- Your goal -
Your answer should repeat the entries in full, exactly as given, with no pictures.

- Records for the exercise -
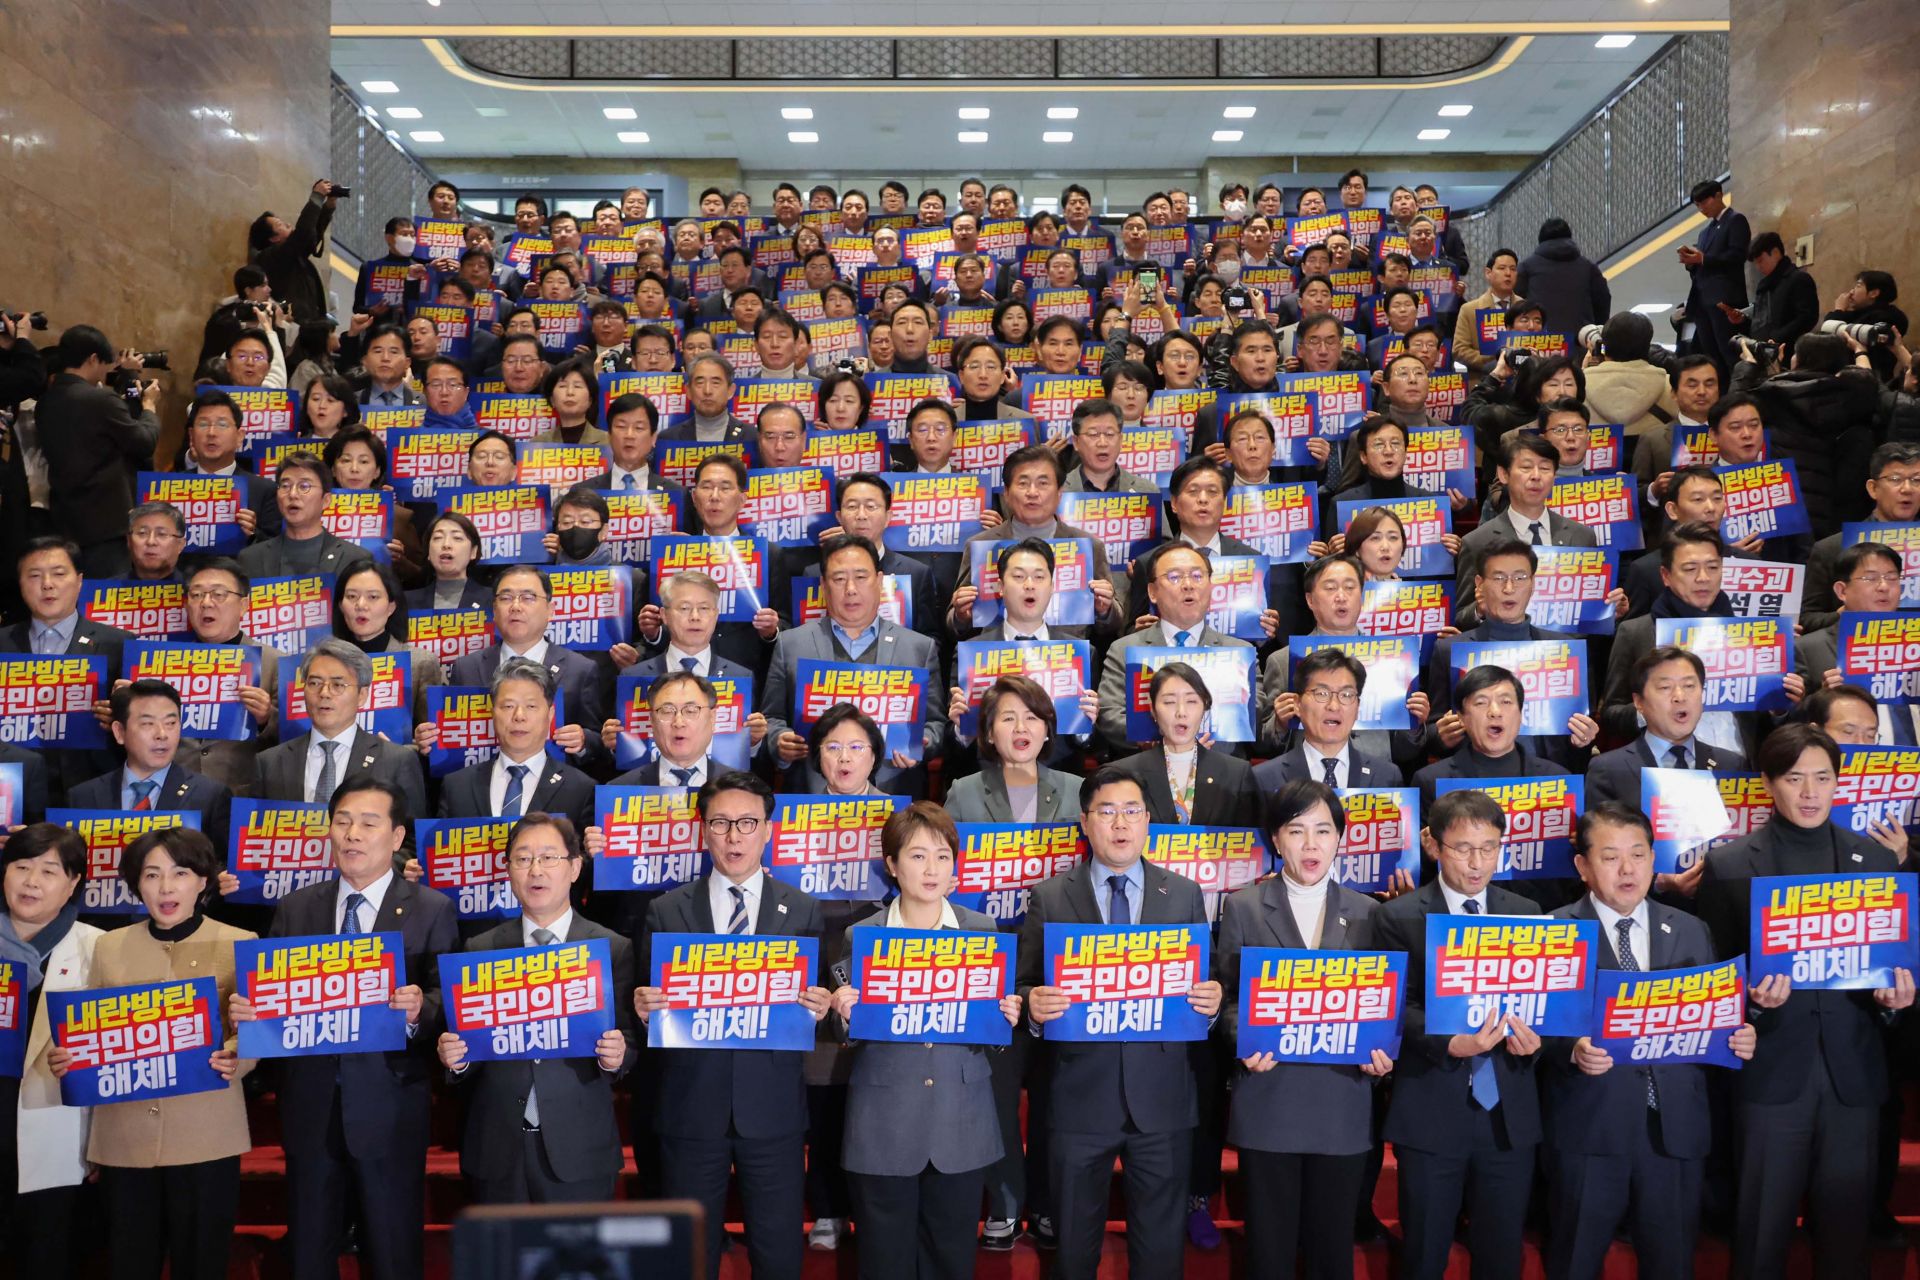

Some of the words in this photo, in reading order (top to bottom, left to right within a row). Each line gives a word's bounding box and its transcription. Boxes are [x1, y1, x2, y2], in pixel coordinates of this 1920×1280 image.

[979, 221, 1025, 234] 내란방탄
[1294, 214, 1342, 231] 내란방탄
[977, 233, 1027, 249] 국민의힘
[1061, 237, 1107, 249] 내란방탄
[865, 267, 913, 283] 내란방탄
[1242, 269, 1292, 282] 내란방탄
[1037, 290, 1088, 305] 내란방탄
[1506, 335, 1564, 350] 내란방탄
[233, 391, 288, 411] 란방탄
[610, 375, 684, 397] 내란방탄
[740, 379, 813, 402] 내란방탄
[874, 377, 948, 398] 내란방탄
[522, 447, 602, 468] 내란방탄
[1404, 448, 1464, 471] 민의힘
[149, 478, 234, 502] 내란방탄
[452, 487, 538, 513] 내란방탄
[606, 491, 670, 516] 란방탄
[893, 476, 979, 501] 내란방탄
[1223, 484, 1305, 516] 내란방탄
[1726, 483, 1791, 515] 민의힘
[740, 490, 827, 518] 국민의힘
[891, 496, 981, 524] 국민의힘
[1063, 494, 1149, 521] 내란방탄
[607, 516, 674, 538] 민의힘
[756, 515, 808, 542] 해체!
[907, 521, 960, 546] 해체!
[1220, 507, 1309, 537] 국민의힘
[664, 539, 755, 566] 내란방탄
[251, 577, 323, 606] 란방탄
[549, 569, 615, 594] 란방탄
[1534, 575, 1605, 600] 민의힘
[1722, 567, 1788, 590] 란수괴
[94, 582, 184, 610] 내란방탄
[550, 590, 621, 619] 민의힘
[139, 649, 245, 674] 내란방탄
[975, 644, 1075, 675] 내란방탄
[1703, 646, 1781, 676] 민의힘
[812, 669, 913, 695] 내란방탄
[0, 713, 67, 743] 해체!
[1841, 751, 1920, 774] 내란방
[1835, 774, 1920, 802] 국민의
[613, 791, 698, 823] 내란방
[781, 799, 895, 832] 내란방탄
[248, 810, 329, 836] 내란방
[609, 820, 708, 854] 국민의
[243, 838, 335, 869] 국민의
[435, 822, 516, 856] 내란방
[965, 825, 1080, 861] 내란방탄
[1142, 831, 1255, 860] 내란방탄
[631, 853, 701, 884] 해체!
[800, 861, 870, 894] 해체!
[1770, 878, 1898, 917] 내란방탄
[1447, 924, 1578, 957] 내란방탄
[1766, 908, 1900, 951] 국민의힘
[256, 938, 385, 982] 내란방탄
[671, 940, 800, 974] 내란방탄
[872, 937, 998, 969] 내란방탄
[1064, 929, 1191, 966] 내란방탄
[460, 944, 591, 994] 내란방탄
[1260, 954, 1389, 990] 내란방탄
[1442, 954, 1580, 993] 국민의힘
[1791, 946, 1870, 982] 해체!
[255, 969, 390, 1016] 국민의힘
[667, 969, 802, 1007] 국민의힘
[868, 966, 1000, 1002] 국민의힘
[1060, 961, 1194, 999] 국민의힘
[1617, 964, 1737, 1008] 내란방탄
[66, 983, 196, 1034] 내란방탄
[459, 975, 598, 1030] 국민의힘
[1085, 997, 1164, 1034] 해체!
[1255, 986, 1389, 1024] 국민의힘
[1610, 995, 1741, 1037] 국민의힘
[282, 1016, 361, 1050] 해체!
[691, 1005, 769, 1041] 해체!
[891, 1001, 966, 1035] 해체!
[66, 1014, 205, 1066] 국민의힘
[491, 1018, 570, 1056] 해체!
[1279, 1020, 1358, 1056] 해체!
[1631, 1029, 1709, 1061] 해체!
[98, 1060, 178, 1098] 해체!

- Completed task -
Some of the words in this photo, in reading order (top to bottom, left to right within a row). Each line gives a word's bounding box and its transcription. Boxes are [x1, y1, x2, y2], in pixel coordinates of this 1920×1280 image.

[979, 221, 1025, 234] 내란방탄
[1294, 214, 1342, 231] 내란방탄
[977, 233, 1027, 249] 국민의힘
[1061, 237, 1107, 249] 내란방탄
[865, 267, 913, 283] 내란방탄
[1242, 269, 1292, 282] 내란방탄
[1037, 290, 1088, 305] 내란방탄
[1506, 335, 1564, 350] 내란방탄
[233, 391, 288, 411] 란방탄
[610, 375, 684, 397] 내란방탄
[740, 379, 813, 402] 내란방탄
[874, 377, 948, 398] 내란방탄
[522, 447, 602, 468] 내란방탄
[1404, 448, 1464, 471] 민의힘
[149, 478, 234, 502] 내란방탄
[452, 487, 538, 513] 내란방탄
[606, 491, 670, 516] 란방탄
[893, 476, 979, 501] 내란방탄
[1223, 484, 1305, 516] 내란방탄
[1726, 483, 1791, 515] 민의힘
[740, 490, 827, 518] 국민의힘
[891, 496, 981, 524] 국민의힘
[1063, 494, 1149, 521] 내란방탄
[607, 516, 674, 538] 민의힘
[756, 515, 808, 542] 해체!
[907, 521, 960, 546] 해체!
[1220, 507, 1309, 537] 국민의힘
[664, 539, 755, 566] 내란방탄
[251, 577, 323, 606] 란방탄
[549, 569, 615, 594] 란방탄
[1534, 575, 1605, 600] 민의힘
[1722, 567, 1788, 590] 란수괴
[94, 582, 184, 610] 내란방탄
[550, 590, 621, 619] 민의힘
[139, 649, 245, 674] 내란방탄
[975, 644, 1075, 675] 내란방탄
[1703, 646, 1781, 676] 민의힘
[812, 669, 913, 695] 내란방탄
[0, 713, 67, 743] 해체!
[1841, 751, 1920, 774] 내란방
[1835, 774, 1920, 802] 국민의
[613, 791, 698, 823] 내란방
[781, 799, 895, 832] 내란방탄
[248, 810, 329, 836] 내란방
[609, 820, 708, 854] 국민의
[243, 838, 335, 869] 국민의
[435, 822, 516, 856] 내란방
[965, 825, 1080, 861] 내란방탄
[1142, 831, 1255, 860] 내란방탄
[631, 853, 701, 884] 해체!
[800, 861, 870, 894] 해체!
[1770, 878, 1898, 917] 내란방탄
[1447, 924, 1578, 957] 내란방탄
[1766, 908, 1900, 951] 국민의힘
[256, 938, 385, 982] 내란방탄
[671, 940, 800, 974] 내란방탄
[872, 937, 998, 969] 내란방탄
[1064, 929, 1191, 966] 내란방탄
[460, 944, 591, 994] 내란방탄
[1260, 954, 1389, 990] 내란방탄
[1442, 954, 1580, 993] 국민의힘
[1791, 946, 1870, 982] 해체!
[255, 969, 390, 1016] 국민의힘
[667, 969, 802, 1007] 국민의힘
[868, 966, 1000, 1002] 국민의힘
[1060, 961, 1194, 999] 국민의힘
[1617, 964, 1737, 1008] 내란방탄
[66, 983, 196, 1034] 내란방탄
[459, 975, 598, 1030] 국민의힘
[1085, 997, 1164, 1034] 해체!
[1255, 986, 1389, 1024] 국민의힘
[1610, 995, 1741, 1037] 국민의힘
[282, 1016, 361, 1050] 해체!
[691, 1005, 769, 1041] 해체!
[891, 1001, 966, 1035] 해체!
[66, 1014, 205, 1066] 국민의힘
[491, 1018, 570, 1056] 해체!
[1279, 1020, 1358, 1056] 해체!
[1631, 1029, 1709, 1061] 해체!
[98, 1060, 178, 1098] 해체!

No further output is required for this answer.